▸ **WHAT YOU SHOULD DO**: An exact restatement of the data below, with the pictures removed, is the required answer.

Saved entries

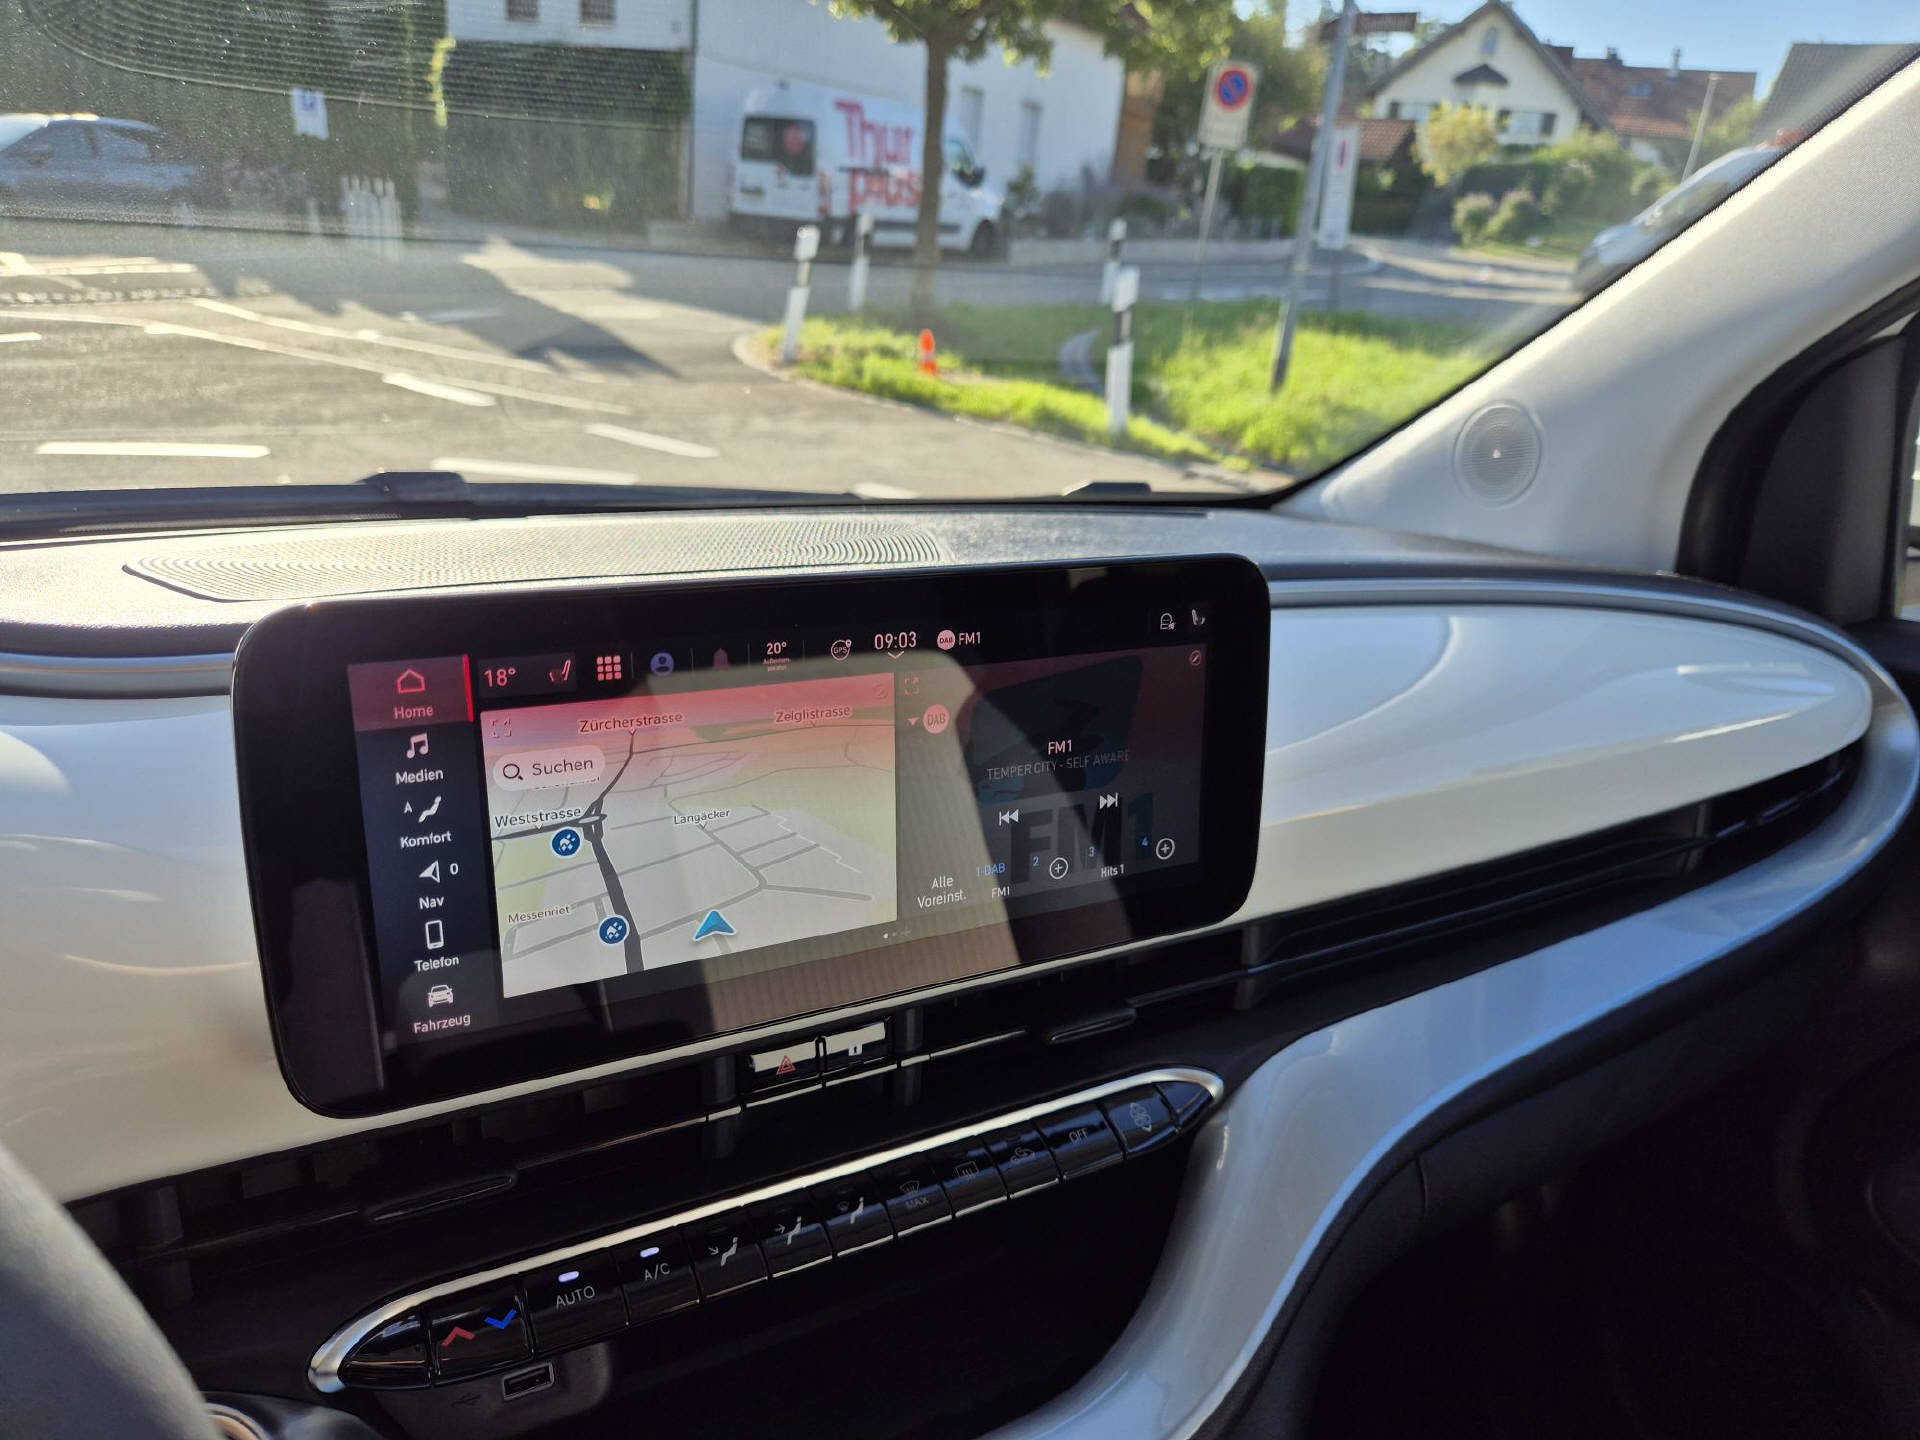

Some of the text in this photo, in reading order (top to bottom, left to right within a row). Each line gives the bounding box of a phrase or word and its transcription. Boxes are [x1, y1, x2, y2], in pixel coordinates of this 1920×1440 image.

[874, 631, 917, 650] 09:03
[959, 631, 981, 646] FM1
[767, 641, 787, 655] 20°
[833, 645, 849, 655] GPS
[484, 667, 516, 688] 18°
[393, 704, 434, 720] Home
[775, 706, 851, 723] Zeiglistrasse
[928, 711, 946, 727] DAB
[579, 712, 684, 734] Zürcherstrasse
[1048, 739, 1073, 755] FM1
[532, 757, 594, 777] Suchen
[987, 763, 1032, 780] TEMPER
[1033, 759, 1057, 774] CITY
[1066, 756, 1090, 769] SELF
[1093, 749, 1130, 765] AWARE
[394, 767, 444, 785] Medien
[494, 807, 582, 829] Weststrasse
[400, 830, 452, 849] Komfort
[1088, 847, 1095, 858] 3
[1032, 856, 1039, 867] 2
[1100, 863, 1125, 878] Hits 1
[932, 876, 954, 890] Alle
[917, 889, 967, 909] Voreinst.
[991, 886, 1010, 899] FM1
[419, 897, 445, 910] Nav
[508, 905, 570, 924] Messenriet
[414, 956, 460, 972] Telefon
[413, 1014, 471, 1034] Fahrzeug
[1069, 1128, 1089, 1145] OFF
[643, 1262, 671, 1281] A/C
[556, 1286, 596, 1309] AUTO

▸ **SOLUTION TO THIS TASK**:
Some of the text in this photo, in reading order (top to bottom, left to right within a row). Each line gives the bounding box of a phrase or word and its transcription. Boxes are [x1, y1, x2, y2], in pixel coordinates of this 1920×1440 image.

[874, 631, 917, 650] 09:03
[959, 631, 981, 646] FM1
[767, 641, 787, 655] 20°
[833, 645, 849, 655] GPS
[484, 667, 516, 688] 18°
[393, 704, 434, 720] Home
[775, 706, 851, 723] Zeiglistrasse
[928, 711, 946, 727] DAB
[579, 712, 684, 734] Zürcherstrasse
[1048, 739, 1073, 755] FM1
[532, 757, 594, 777] Suchen
[987, 763, 1032, 780] TEMPER
[1033, 759, 1057, 774] CITY
[1066, 756, 1090, 769] SELF
[1093, 749, 1130, 765] AWARE
[394, 767, 444, 785] Medien
[494, 807, 582, 829] Weststrasse
[400, 830, 452, 849] Komfort
[1088, 847, 1095, 858] 3
[1032, 856, 1039, 867] 2
[1100, 863, 1125, 878] Hits 1
[932, 876, 954, 890] Alle
[917, 889, 967, 909] Voreinst.
[991, 886, 1010, 899] FM1
[419, 897, 445, 910] Nav
[508, 905, 570, 924] Messenriet
[414, 956, 460, 972] Telefon
[413, 1014, 471, 1034] Fahrzeug
[1069, 1128, 1089, 1145] OFF
[643, 1262, 671, 1281] A/C
[556, 1286, 596, 1309] AUTO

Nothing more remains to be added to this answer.